Ce que vise la critique de Nietzsche, c’est l’utilitarisme, qu’il associe à un instinct de survie de l’espèce, alors que cette doctrine de Bentham apparaît plutôt liée à une thèse sociale.
L’originalité de la position de Nietzsche est qu’il ne rejette pas cette thèse tout à fait. Bien au contraire : prenons là au sérieux dit-il, et constatons qu’elle ne fonctionne vraiment que si elle bénit aussi les mauvais instincts, ceux-là mêmes qu’elle est censée réprouver. Avarice, ambition, cruauté, agressivité… Qu’est-ce qui serait contraire à l’intérêt de l’espèce là dedans ? (1) Par contre supposez qu’on obéisse à l’adage imposant de tendre la joue droite quand on nous a frappés sur la gauche : combien de temps donnez-vous à l’humanité pour succomber ? Pire : si elle ne succombe pas, qui donc va survivre et s’imposer ?
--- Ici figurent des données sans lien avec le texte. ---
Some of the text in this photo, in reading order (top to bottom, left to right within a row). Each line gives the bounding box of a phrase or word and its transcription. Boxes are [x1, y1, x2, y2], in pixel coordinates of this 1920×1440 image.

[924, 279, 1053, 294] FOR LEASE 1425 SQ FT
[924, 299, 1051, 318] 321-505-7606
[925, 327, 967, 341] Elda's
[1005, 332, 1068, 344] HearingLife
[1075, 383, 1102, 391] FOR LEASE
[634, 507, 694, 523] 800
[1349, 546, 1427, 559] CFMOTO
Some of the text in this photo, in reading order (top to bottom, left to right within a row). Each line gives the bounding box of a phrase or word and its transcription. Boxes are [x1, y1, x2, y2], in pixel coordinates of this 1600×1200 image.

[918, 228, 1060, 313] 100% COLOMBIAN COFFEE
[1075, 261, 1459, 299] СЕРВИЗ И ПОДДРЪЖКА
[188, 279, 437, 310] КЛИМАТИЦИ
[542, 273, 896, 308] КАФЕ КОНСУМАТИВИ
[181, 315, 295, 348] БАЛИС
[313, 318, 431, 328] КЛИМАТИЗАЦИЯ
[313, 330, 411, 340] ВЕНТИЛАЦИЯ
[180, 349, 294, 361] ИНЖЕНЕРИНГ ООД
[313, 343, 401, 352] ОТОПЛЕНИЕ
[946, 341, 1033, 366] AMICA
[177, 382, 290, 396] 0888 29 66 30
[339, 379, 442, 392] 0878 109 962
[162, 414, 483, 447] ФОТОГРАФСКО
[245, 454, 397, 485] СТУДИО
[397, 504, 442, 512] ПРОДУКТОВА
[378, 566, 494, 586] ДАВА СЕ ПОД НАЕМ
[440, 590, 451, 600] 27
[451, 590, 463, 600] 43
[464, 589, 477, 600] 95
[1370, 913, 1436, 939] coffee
Inutile d’accumuler les exemples : la morale n’a que faire de l’utile et de l’inutile ou si vous préférez de l’avantageux. Kant l’avait bien compris, qui disait : si un tyran exige de vous que vous fassiez un faux témoignage condamnant un innocent - sous peine d’être pendu vous même -vous allez lui obéir - peut être - mais vous saurez en même temps que votre devoir était de résister.
Simplement, on se tromperait en croyant que le héros est nécessairement celui qui, en se perdant lui-même, accomplit un acte avantageux pour la communauté.
Chez Nietzsche, l’acte moral est celui qui repousse les limites de l’humanité, celui dont la volonté se matérialise dans des actes inimaginables. Mais c’est aussi un acte strictement personnel dans la mesure où seul l’individu qui l’a accompli peut se reconnaître là-dedans.